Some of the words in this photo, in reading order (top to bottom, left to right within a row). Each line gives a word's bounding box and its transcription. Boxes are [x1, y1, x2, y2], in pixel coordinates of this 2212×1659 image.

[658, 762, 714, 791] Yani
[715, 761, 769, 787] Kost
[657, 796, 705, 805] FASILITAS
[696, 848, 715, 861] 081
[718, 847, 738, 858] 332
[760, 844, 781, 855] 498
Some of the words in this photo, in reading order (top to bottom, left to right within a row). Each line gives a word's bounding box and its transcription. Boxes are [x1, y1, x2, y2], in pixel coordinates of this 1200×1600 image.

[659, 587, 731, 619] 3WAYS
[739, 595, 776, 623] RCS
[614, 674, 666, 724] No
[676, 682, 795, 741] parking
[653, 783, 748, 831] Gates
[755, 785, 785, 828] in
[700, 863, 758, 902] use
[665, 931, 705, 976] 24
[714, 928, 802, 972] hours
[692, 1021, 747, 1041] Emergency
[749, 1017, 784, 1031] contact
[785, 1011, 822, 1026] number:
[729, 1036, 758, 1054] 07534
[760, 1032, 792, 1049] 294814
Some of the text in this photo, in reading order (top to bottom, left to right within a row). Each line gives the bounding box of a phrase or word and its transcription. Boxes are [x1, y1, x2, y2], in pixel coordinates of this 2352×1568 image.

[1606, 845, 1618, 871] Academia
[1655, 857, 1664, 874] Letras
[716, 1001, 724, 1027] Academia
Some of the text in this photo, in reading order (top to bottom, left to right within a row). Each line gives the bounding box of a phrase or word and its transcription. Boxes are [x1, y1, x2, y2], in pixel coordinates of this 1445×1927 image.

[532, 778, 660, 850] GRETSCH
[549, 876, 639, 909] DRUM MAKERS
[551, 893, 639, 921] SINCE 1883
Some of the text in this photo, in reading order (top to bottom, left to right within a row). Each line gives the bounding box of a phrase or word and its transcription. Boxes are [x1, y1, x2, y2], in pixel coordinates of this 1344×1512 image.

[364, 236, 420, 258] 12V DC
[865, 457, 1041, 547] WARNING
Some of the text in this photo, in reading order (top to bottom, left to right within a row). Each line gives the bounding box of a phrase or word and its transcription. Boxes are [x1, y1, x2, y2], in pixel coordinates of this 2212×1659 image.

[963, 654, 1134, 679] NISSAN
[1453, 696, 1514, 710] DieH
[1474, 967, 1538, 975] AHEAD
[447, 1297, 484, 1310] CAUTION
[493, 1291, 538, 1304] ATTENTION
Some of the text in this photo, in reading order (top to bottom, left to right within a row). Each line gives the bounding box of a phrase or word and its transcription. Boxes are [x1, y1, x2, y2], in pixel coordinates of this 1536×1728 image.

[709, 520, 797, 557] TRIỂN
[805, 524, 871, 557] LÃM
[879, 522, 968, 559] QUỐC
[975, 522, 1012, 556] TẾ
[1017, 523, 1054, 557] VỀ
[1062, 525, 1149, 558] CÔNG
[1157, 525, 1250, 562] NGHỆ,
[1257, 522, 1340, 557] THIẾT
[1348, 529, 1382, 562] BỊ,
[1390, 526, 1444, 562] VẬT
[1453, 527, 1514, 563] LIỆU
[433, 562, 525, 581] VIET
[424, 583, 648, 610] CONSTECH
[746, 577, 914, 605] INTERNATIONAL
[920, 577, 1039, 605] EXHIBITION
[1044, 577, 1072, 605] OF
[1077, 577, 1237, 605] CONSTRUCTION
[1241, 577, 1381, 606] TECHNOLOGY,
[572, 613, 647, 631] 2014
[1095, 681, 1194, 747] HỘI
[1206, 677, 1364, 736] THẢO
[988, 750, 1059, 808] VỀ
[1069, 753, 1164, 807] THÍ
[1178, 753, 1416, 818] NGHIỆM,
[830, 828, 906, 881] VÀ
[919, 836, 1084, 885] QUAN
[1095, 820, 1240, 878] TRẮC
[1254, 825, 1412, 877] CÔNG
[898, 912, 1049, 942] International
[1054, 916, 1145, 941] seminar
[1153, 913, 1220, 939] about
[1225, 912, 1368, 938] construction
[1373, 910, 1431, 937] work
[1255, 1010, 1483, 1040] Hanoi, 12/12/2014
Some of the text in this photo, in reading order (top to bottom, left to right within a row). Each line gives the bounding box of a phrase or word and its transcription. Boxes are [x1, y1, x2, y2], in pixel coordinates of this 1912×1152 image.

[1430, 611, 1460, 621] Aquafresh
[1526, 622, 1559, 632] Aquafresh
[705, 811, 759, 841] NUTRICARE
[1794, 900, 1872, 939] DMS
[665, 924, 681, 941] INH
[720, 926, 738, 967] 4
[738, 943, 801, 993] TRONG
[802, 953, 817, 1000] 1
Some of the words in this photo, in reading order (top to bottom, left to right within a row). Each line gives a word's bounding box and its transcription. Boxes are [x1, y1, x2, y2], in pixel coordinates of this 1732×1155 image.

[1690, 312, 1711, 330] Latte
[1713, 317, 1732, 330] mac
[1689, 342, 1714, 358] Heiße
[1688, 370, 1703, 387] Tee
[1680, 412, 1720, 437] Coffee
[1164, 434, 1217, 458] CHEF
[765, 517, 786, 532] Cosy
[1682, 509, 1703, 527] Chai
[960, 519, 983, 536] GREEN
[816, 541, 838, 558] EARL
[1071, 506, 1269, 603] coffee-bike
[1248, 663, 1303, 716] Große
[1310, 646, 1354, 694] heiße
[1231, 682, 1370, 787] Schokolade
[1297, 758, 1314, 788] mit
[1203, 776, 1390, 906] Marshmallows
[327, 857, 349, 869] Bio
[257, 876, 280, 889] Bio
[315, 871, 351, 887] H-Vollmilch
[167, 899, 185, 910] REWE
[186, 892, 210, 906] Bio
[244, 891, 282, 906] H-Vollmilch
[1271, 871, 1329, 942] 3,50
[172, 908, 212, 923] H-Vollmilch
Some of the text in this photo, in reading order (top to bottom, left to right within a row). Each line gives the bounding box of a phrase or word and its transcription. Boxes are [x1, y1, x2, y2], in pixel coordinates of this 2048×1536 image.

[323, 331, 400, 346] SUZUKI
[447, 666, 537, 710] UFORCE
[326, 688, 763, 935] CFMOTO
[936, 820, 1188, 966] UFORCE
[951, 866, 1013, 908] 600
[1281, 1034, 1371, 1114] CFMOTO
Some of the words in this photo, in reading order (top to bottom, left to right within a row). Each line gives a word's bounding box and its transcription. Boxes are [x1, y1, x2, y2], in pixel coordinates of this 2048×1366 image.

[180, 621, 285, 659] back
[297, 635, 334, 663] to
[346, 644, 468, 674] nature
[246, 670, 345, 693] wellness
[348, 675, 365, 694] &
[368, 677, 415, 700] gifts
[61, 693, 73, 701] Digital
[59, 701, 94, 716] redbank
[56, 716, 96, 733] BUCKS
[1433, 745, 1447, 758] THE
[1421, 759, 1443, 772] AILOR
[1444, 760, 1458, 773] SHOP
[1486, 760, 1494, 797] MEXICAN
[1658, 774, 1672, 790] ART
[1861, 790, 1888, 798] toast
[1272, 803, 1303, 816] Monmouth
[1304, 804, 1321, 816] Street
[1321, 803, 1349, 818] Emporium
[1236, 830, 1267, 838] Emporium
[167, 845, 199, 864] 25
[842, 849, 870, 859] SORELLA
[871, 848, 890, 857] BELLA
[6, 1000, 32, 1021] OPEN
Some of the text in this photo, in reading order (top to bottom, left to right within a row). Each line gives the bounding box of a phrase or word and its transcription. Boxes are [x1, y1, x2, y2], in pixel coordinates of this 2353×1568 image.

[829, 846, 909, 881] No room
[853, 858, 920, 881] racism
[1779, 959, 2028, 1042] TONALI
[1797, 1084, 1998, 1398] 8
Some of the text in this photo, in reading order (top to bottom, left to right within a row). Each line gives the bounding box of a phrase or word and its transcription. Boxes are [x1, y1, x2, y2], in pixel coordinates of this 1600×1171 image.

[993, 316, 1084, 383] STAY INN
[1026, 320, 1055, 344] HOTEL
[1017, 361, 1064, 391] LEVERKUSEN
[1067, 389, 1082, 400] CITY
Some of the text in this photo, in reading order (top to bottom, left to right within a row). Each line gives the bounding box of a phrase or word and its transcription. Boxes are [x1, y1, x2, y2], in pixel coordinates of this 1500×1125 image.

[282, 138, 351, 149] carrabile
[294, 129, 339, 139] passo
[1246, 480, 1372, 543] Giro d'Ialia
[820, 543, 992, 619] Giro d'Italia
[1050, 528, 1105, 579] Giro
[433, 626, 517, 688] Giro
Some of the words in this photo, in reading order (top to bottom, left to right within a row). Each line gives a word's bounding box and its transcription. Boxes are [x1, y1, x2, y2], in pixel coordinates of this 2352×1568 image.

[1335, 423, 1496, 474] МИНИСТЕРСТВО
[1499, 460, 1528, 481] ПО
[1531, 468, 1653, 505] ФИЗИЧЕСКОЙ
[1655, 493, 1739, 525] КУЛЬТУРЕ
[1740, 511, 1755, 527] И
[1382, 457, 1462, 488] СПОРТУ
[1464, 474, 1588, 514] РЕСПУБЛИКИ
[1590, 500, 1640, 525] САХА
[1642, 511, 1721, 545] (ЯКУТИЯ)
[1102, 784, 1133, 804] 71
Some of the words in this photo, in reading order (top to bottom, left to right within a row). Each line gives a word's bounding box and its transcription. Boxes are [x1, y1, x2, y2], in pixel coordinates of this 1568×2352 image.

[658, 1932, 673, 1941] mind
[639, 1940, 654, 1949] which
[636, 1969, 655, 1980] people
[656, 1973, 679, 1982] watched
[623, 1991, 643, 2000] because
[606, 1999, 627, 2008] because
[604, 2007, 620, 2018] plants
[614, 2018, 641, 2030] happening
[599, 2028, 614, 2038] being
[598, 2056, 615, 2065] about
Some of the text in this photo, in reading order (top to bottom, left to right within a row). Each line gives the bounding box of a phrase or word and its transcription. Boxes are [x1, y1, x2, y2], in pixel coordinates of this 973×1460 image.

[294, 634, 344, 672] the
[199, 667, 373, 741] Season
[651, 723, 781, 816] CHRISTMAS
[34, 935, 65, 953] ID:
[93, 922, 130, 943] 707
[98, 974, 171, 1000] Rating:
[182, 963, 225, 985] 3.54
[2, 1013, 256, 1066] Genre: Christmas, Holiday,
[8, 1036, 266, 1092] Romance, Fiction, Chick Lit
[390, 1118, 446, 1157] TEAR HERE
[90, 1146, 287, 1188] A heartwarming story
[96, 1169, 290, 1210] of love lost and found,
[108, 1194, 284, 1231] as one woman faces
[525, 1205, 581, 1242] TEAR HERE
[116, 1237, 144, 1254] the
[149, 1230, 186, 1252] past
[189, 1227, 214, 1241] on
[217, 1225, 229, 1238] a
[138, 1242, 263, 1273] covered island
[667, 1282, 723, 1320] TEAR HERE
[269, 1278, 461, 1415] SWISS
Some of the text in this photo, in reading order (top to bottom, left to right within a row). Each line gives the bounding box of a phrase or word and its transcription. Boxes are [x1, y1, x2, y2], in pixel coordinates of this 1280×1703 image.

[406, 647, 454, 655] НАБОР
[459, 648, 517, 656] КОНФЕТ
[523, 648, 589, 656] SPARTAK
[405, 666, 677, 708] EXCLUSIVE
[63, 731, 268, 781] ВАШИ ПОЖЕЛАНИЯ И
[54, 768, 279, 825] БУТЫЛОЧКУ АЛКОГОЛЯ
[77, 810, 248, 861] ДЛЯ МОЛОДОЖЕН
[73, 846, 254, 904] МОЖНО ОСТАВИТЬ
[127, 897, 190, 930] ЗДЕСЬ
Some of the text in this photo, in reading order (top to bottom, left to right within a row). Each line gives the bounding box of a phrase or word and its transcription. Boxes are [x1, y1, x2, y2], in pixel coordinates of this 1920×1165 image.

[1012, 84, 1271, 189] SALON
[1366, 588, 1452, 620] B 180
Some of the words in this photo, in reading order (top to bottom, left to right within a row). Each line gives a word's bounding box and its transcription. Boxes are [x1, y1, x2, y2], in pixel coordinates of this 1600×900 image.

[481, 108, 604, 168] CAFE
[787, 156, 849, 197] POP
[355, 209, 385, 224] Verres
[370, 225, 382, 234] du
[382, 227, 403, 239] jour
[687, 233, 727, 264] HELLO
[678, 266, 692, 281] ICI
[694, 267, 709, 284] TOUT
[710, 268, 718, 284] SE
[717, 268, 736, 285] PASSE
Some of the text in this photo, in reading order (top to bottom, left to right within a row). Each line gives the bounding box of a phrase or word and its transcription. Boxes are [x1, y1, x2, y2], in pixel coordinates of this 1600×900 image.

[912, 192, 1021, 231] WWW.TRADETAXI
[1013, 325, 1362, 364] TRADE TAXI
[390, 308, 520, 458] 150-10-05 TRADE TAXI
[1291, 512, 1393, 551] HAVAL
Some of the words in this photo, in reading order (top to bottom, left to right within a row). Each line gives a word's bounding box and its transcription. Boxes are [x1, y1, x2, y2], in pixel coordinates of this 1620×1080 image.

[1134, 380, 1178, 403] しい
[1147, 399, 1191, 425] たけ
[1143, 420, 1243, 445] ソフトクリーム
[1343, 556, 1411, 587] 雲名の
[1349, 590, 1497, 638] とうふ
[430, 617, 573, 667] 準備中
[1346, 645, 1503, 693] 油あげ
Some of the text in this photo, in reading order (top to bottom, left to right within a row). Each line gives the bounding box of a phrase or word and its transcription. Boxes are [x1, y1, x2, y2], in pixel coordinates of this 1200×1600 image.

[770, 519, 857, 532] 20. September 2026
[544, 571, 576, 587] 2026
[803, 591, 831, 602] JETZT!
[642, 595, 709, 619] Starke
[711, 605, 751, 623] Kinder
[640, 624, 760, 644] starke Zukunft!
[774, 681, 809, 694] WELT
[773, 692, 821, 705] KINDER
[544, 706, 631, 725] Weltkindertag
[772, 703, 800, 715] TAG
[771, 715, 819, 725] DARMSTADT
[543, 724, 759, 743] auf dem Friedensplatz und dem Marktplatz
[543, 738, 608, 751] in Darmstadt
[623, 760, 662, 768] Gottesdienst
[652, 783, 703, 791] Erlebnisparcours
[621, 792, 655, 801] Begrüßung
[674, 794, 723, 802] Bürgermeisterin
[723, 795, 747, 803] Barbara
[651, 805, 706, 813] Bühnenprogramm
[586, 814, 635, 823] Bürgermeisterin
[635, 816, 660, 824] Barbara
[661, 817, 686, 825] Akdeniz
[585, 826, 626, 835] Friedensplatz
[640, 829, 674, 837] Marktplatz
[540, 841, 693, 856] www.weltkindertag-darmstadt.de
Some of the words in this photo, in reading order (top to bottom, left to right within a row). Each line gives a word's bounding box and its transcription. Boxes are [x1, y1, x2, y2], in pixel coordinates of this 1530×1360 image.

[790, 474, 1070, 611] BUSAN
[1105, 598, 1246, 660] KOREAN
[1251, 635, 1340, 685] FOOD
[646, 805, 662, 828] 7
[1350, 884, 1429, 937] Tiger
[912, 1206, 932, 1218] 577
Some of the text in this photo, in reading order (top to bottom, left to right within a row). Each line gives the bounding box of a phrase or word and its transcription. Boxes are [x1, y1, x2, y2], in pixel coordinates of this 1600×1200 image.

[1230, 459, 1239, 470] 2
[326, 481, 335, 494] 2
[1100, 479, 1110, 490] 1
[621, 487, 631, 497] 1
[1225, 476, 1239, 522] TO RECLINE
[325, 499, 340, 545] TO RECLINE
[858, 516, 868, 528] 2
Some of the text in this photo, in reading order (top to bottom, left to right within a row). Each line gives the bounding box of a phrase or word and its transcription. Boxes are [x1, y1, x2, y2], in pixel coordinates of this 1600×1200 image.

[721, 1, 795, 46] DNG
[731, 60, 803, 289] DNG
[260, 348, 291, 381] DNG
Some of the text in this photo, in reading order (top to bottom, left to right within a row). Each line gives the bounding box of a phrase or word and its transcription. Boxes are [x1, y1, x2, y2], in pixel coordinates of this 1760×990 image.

#####

▶ **ABOUT THIS EXERCISE**
Everything from the line containing "this 1530×1360 image." to the end of the records must be written out exactly; include both of those lines and no others.

▶ **OUTPUT**
Some of the words in this photo, in reading order (top to bottom, left to right within a row). Each line gives a word's bounding box and its transcription. Boxes are [x1, y1, x2, y2], in pixel coordinates of this 1530×1360 image.

[790, 474, 1070, 611] BUSAN
[1105, 598, 1246, 660] KOREAN
[1251, 635, 1340, 685] FOOD
[646, 805, 662, 828] 7
[1350, 884, 1429, 937] Tiger
[912, 1206, 932, 1218] 577
Some of the text in this photo, in reading order (top to bottom, left to right within a row). Each line gives the bounding box of a phrase or word and its transcription. Boxes are [x1, y1, x2, y2], in pixel coordinates of this 1600×1200 image.

[1230, 459, 1239, 470] 2
[326, 481, 335, 494] 2
[1100, 479, 1110, 490] 1
[621, 487, 631, 497] 1
[1225, 476, 1239, 522] TO RECLINE
[325, 499, 340, 545] TO RECLINE
[858, 516, 868, 528] 2
Some of the text in this photo, in reading order (top to bottom, left to right within a row). Each line gives the bounding box of a phrase or word and its transcription. Boxes are [x1, y1, x2, y2], in pixel coordinates of this 1600×1200 image.

[721, 1, 795, 46] DNG
[731, 60, 803, 289] DNG
[260, 348, 291, 381] DNG
Some of the text in this photo, in reading order (top to bottom, left to right within a row). Each line gives the bounding box of a phrase or word and its transcription. Boxes are [x1, y1, x2, y2], in pixel coordinates of this 1760×990 image.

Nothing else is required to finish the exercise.